There’s a certain irony in the fact that the most digitally native generation alive, the one that grew up with algorithms, analytics, and five-second attention spans, the Gen Z crowd, has found its most consistent source of emotional grounding not in an app or a productivity framework, but in the stars, quite literally!. And breaking down that shift in a way that makes complete sense is renowned astrologer, numerologist, tarot reader, and Vastu consultant Shradha Salla, who has spent over two decades guiding individuals and organisations through some of their most consequential decisions. She says, “Gen Z isn’t turning to astrology because they believe in magic. They’re turning to it because it gives them a language for what they’re already feeling. And that’s something therapy waitlists and productivity apps haven’t been able to offer.”
She explains that this current generation’s relationship with astrology isn’t about blind belief or viral sun sign content. It’s about finding a language for understanding what’s already happening inside. A framework that makes their inner life feel less chaotic, and more like something that can actually be read. And what’s driving this isn’t a trend, but context. Gen Z inherited a world that had already started coming apart. They’re witnessing everything from financial instability, burnout normalisation before they’d even entered the workforce, the kind of collective anxiety that doesn’t have a clean diagnosis and so much more. Therapy has waitlists. Mindfulness apps can feel hollow after a while. And the traditional scripts of college, career, certainty, all have stopped making the kind of sense they once did. Into all of that, astrology stepped in for Generation Z not as a solution, but as a mirror.
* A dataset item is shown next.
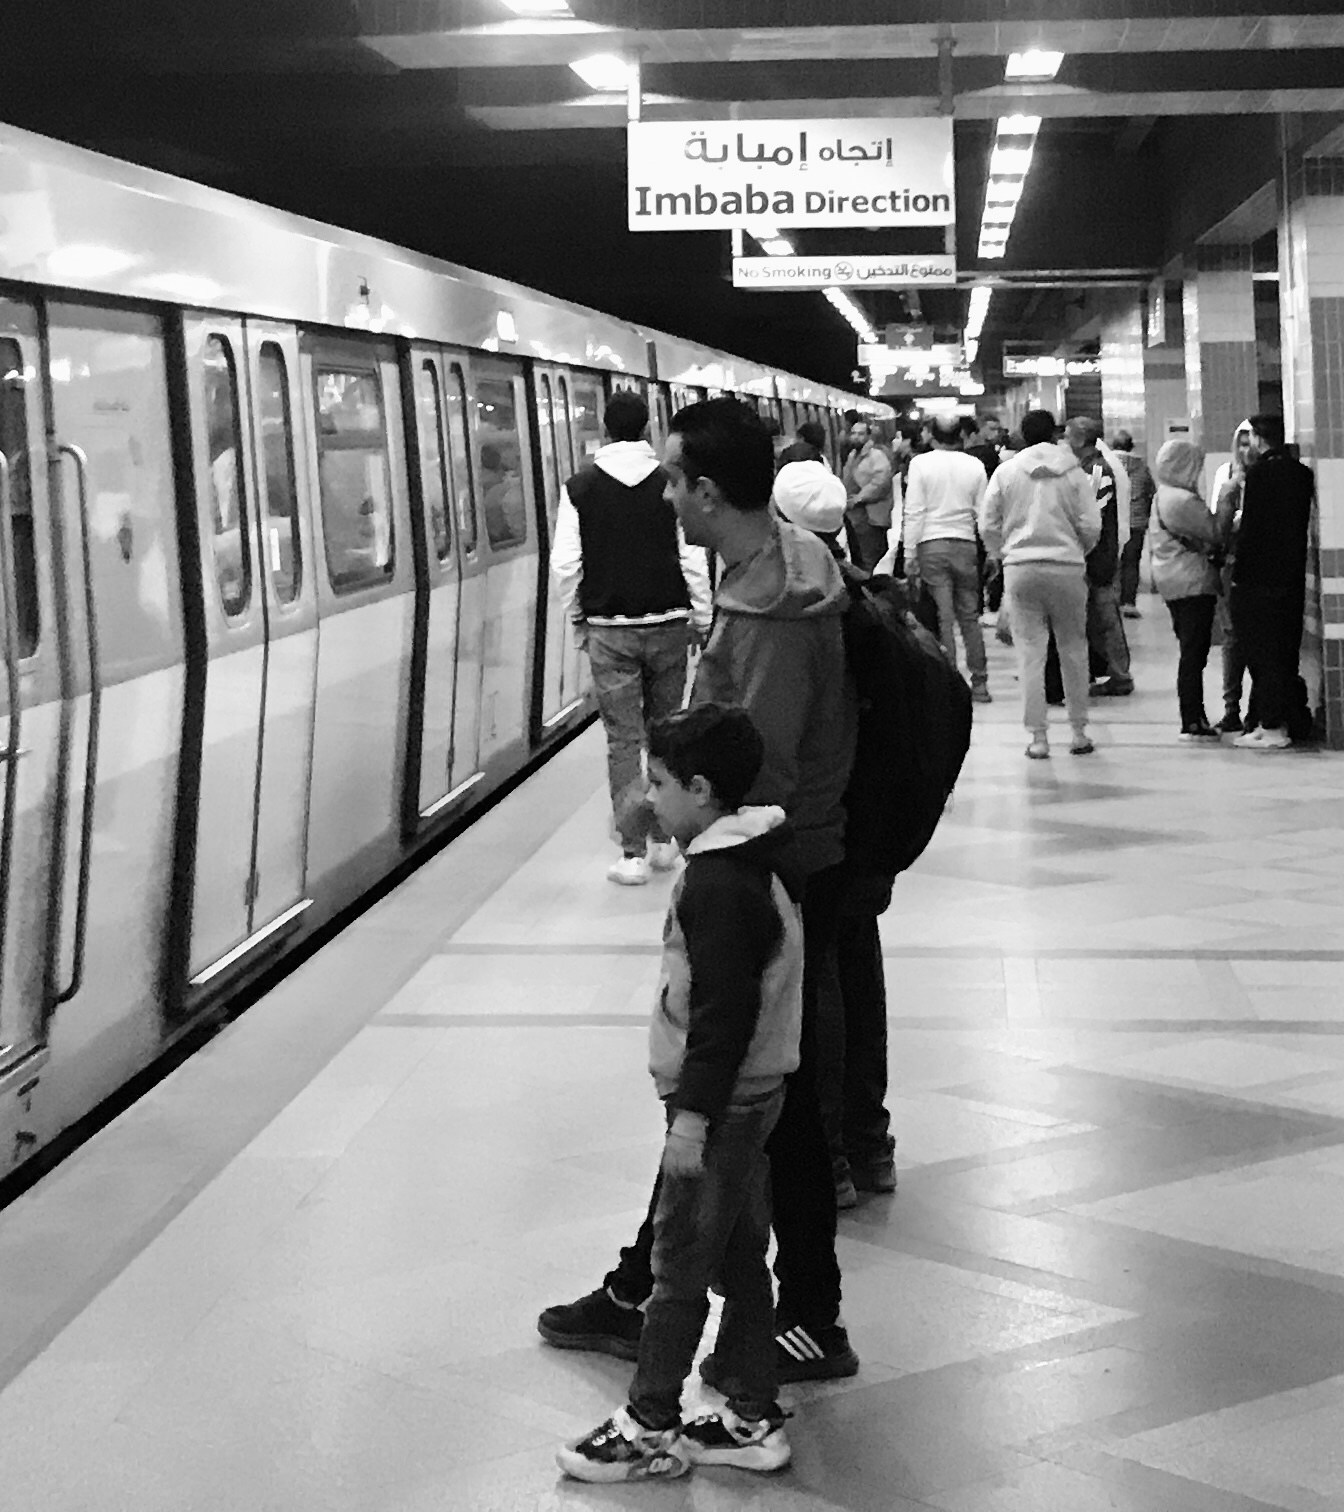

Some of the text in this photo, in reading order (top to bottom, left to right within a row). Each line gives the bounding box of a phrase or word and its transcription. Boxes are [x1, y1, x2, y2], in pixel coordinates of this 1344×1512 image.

[684, 130, 894, 172] إتجاه إمبابة
[634, 183, 950, 216] Imbaba Direction
[738, 265, 832, 281] No Smoking
The shift, at its core, is a shift in how the question is being asked. Earlier generations used astrology to predict matters like when to marry, when to invest, what was coming etc. And now, Gen Z uses it to understand core concerns such as why certain patterns keep repeating, why something felt off before they had the words for it, why a particular chapter of their life felt like a dead end no matter what they did. That’s not fortune-telling. That’s self-awareness approached from a different door, from a different POV, which makes a lot more sense. And for Shradha, that distinction is everything. Her own practice reflects it. She’s never positioned astrology or numerology or tarot as instruments of prediction, but as tools for reading energy, recognising patterns, and understanding the self with more precision. In a generation that’s more emotionally literate than any before it, and more starved for meaning at the same time, that’s exactly the kind of guidance that lands. Ans Shradha Salla is all for it!